## WORK REQUEST
Every record below should be retyped exactly, and no picture should appear in the copy.

=-=-=

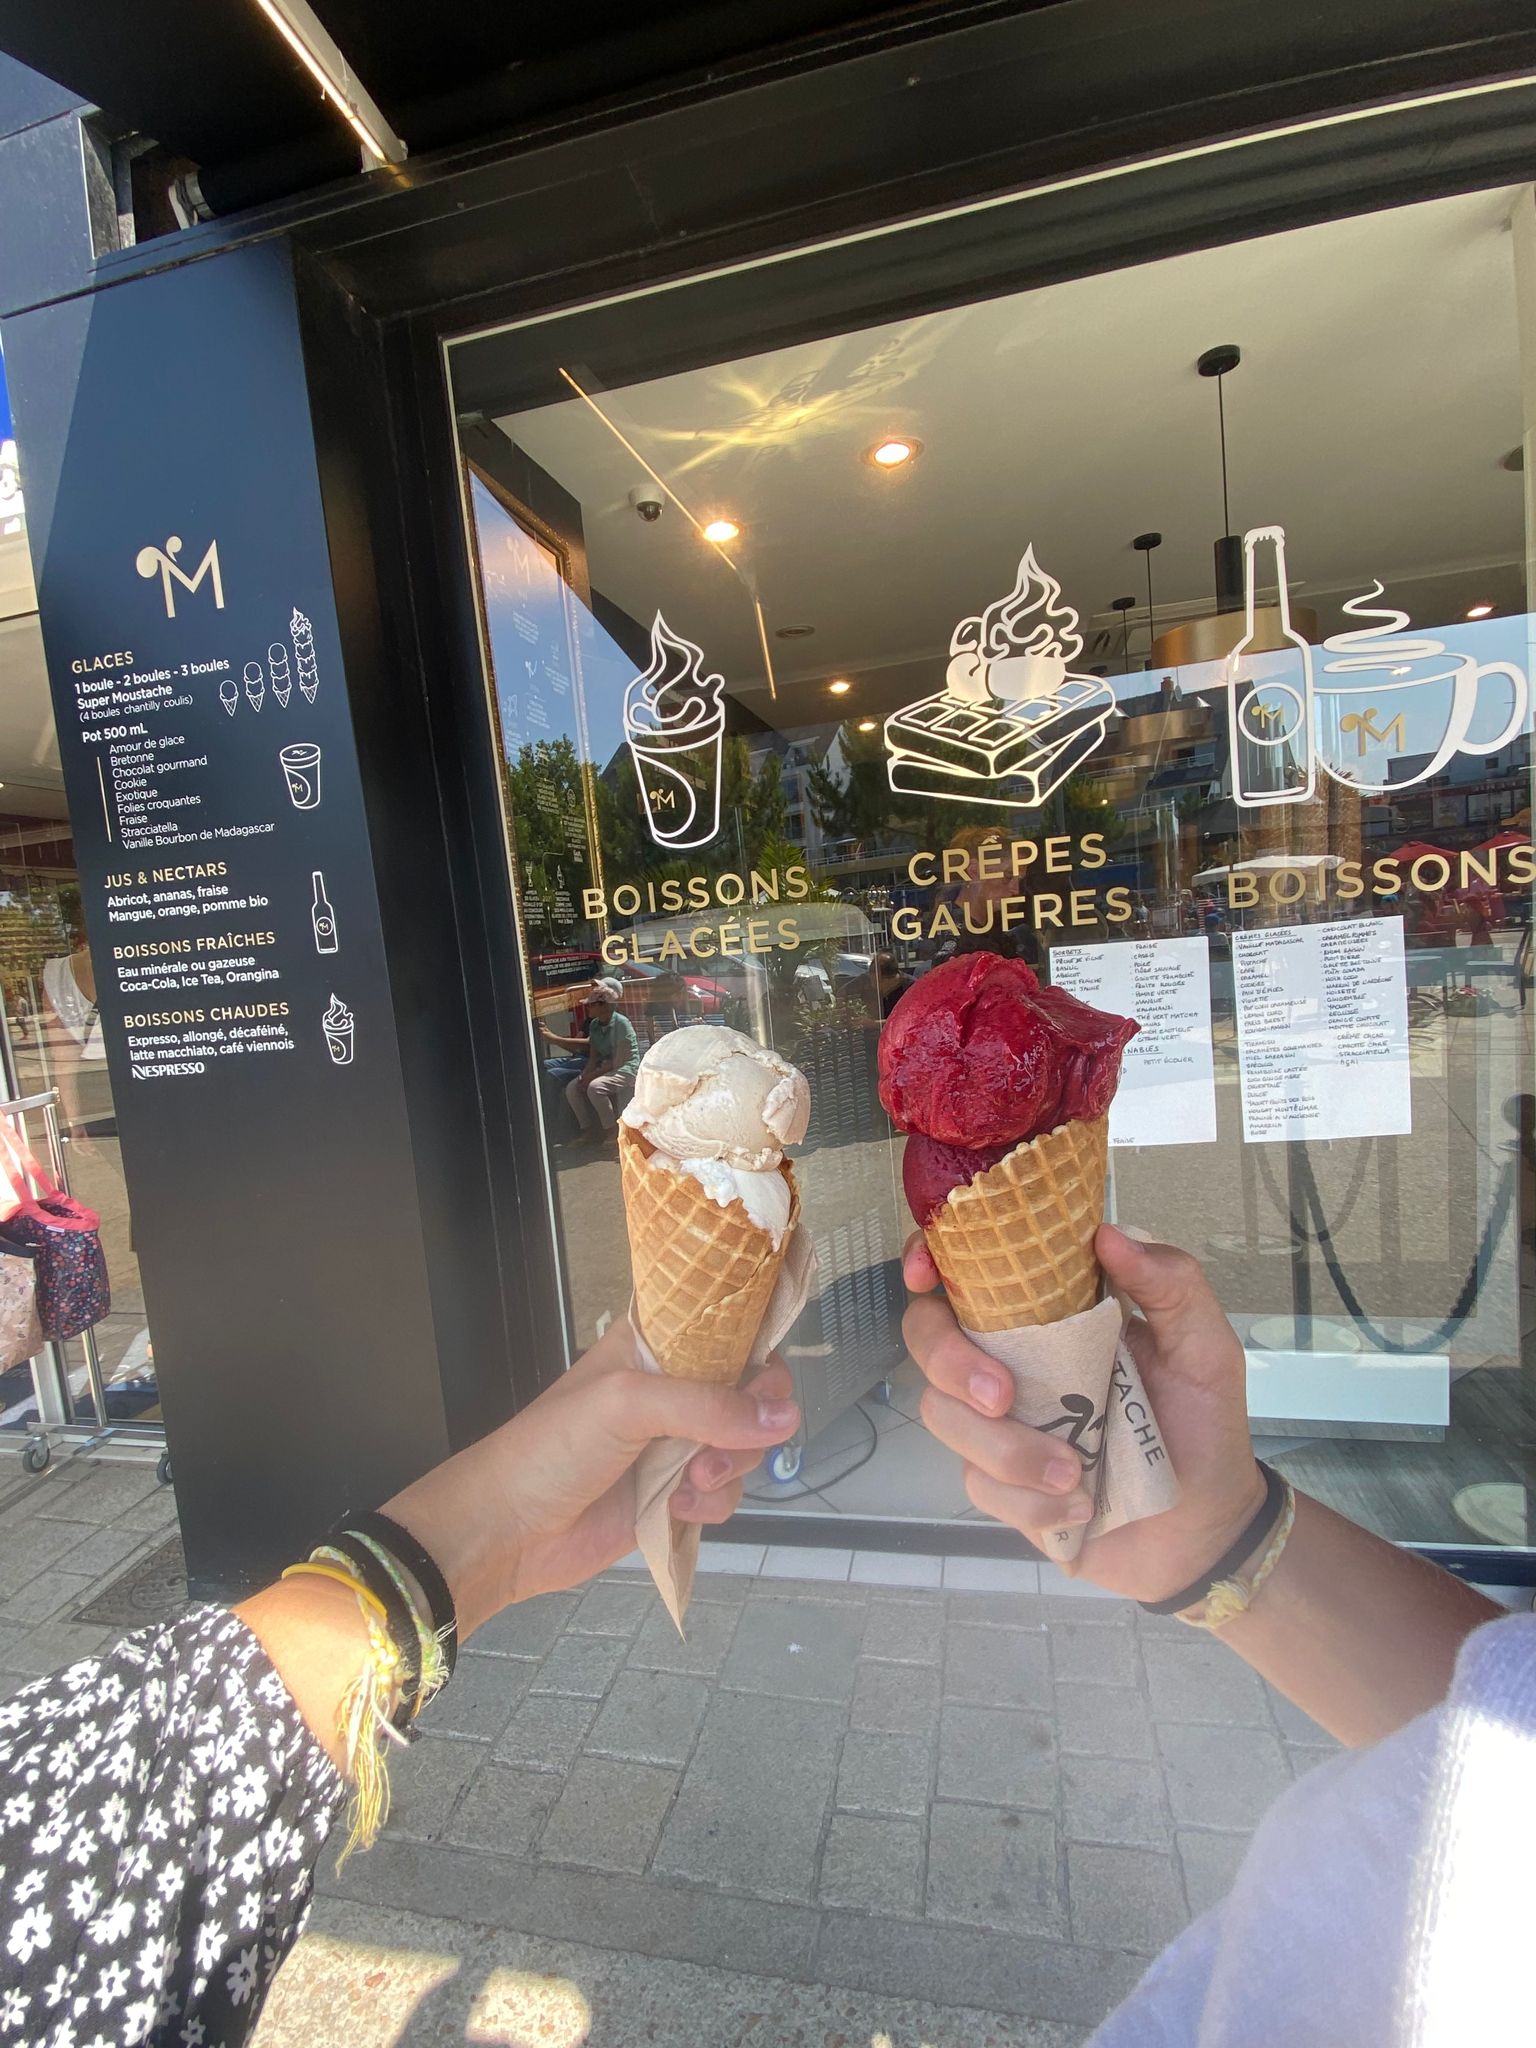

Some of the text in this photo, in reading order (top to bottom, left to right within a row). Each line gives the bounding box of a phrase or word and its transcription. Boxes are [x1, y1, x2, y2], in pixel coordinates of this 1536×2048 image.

[72, 651, 134, 674] GLACES
[75, 684, 80, 694] 1
[83, 678, 113, 693] boule
[124, 675, 131, 686] 2
[133, 669, 171, 685] boules
[181, 665, 188, 676] 3
[191, 659, 229, 675] boules
[78, 685, 172, 710] Super Moustache
[79, 695, 193, 722] (4 boules chantilly coulis)
[83, 723, 148, 743] Pot 500 mL
[109, 735, 185, 754] Amour de glace
[111, 752, 154, 766] Bretonne
[113, 755, 207, 779] Chocolat gourmand
[114, 777, 147, 790] Cookie
[116, 788, 158, 803] Exotique
[118, 795, 201, 814] Folies croquantes
[119, 815, 147, 826] Fraise
[121, 822, 178, 838] Stracciatella
[122, 822, 274, 849] Vanille Bourbon de Madagascar
[908, 833, 1107, 886] CRÊPES
[104, 862, 227, 888] JUS & NECTARS
[1228, 845, 1536, 909] BOISSONS
[107, 885, 228, 908] Abricot, ananas, fraise
[582, 866, 809, 920] BOISSONS
[109, 895, 268, 922] Mangue, orange, pomme bio
[892, 887, 1133, 941] GAUFRES
[113, 932, 276, 959] BOISSONS FRAÎCHES
[601, 916, 801, 965] GLACÉES
[118, 957, 255, 978] Eau minérale ou gazeuse
[120, 969, 279, 992] Coca-Cola, Ice Tea, Orangina
[124, 1002, 289, 1028] BOISSONS CHAUDES
[128, 1024, 288, 1049] Expresso, allongé, décaféiné,
[130, 1039, 294, 1061] latte macchiato, café viennois
[132, 1062, 205, 1080] NESPRESSO
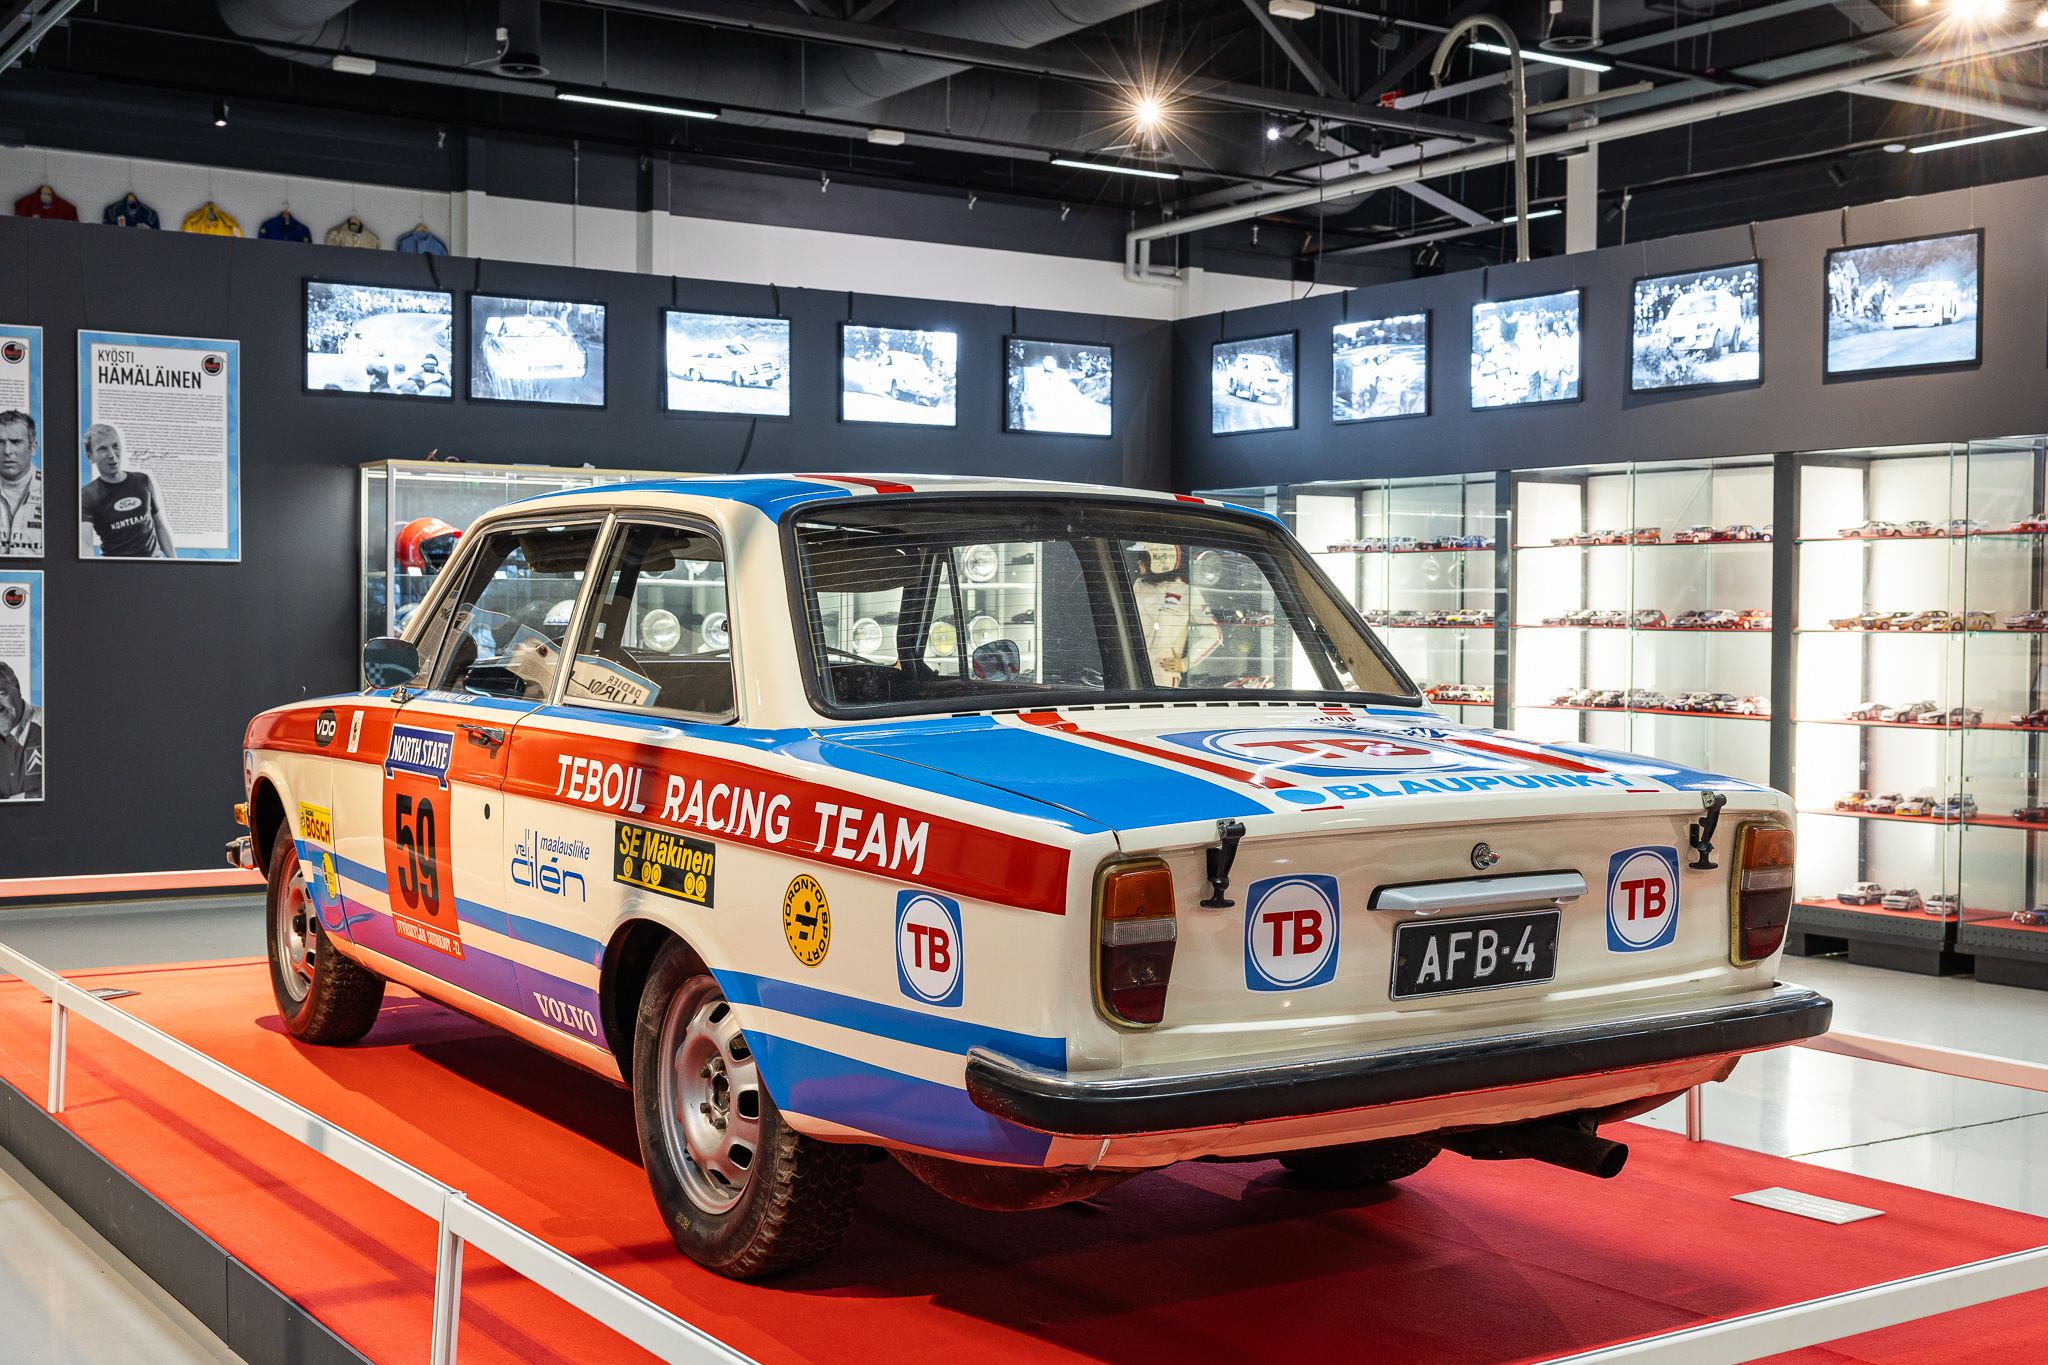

=-=-=

## EXERCISE ANSWER
Some of the text in this photo, in reading order (top to bottom, left to right within a row). Each line gives the bounding box of a phrase or word and its transcription. Boxes are [x1, y1, x2, y2], in pixel coordinates of this 1536×2048 image.

[72, 651, 134, 674] GLACES
[75, 684, 80, 694] 1
[83, 678, 113, 693] boule
[124, 675, 131, 686] 2
[133, 669, 171, 685] boules
[181, 665, 188, 676] 3
[191, 659, 229, 675] boules
[78, 685, 172, 710] Super Moustache
[79, 695, 193, 722] (4 boules chantilly coulis)
[83, 723, 148, 743] Pot 500 mL
[109, 735, 185, 754] Amour de glace
[111, 752, 154, 766] Bretonne
[113, 755, 207, 779] Chocolat gourmand
[114, 777, 147, 790] Cookie
[116, 788, 158, 803] Exotique
[118, 795, 201, 814] Folies croquantes
[119, 815, 147, 826] Fraise
[121, 822, 178, 838] Stracciatella
[122, 822, 274, 849] Vanille Bourbon de Madagascar
[908, 833, 1107, 886] CRÊPES
[104, 862, 227, 888] JUS & NECTARS
[1228, 845, 1536, 909] BOISSONS
[107, 885, 228, 908] Abricot, ananas, fraise
[582, 866, 809, 920] BOISSONS
[109, 895, 268, 922] Mangue, orange, pomme bio
[892, 887, 1133, 941] GAUFRES
[113, 932, 276, 959] BOISSONS FRAÎCHES
[601, 916, 801, 965] GLACÉES
[118, 957, 255, 978] Eau minérale ou gazeuse
[120, 969, 279, 992] Coca-Cola, Ice Tea, Orangina
[124, 1002, 289, 1028] BOISSONS CHAUDES
[128, 1024, 288, 1049] Expresso, allongé, décaféiné,
[130, 1039, 294, 1061] latte macchiato, café viennois
[132, 1062, 205, 1080] NESPRESSO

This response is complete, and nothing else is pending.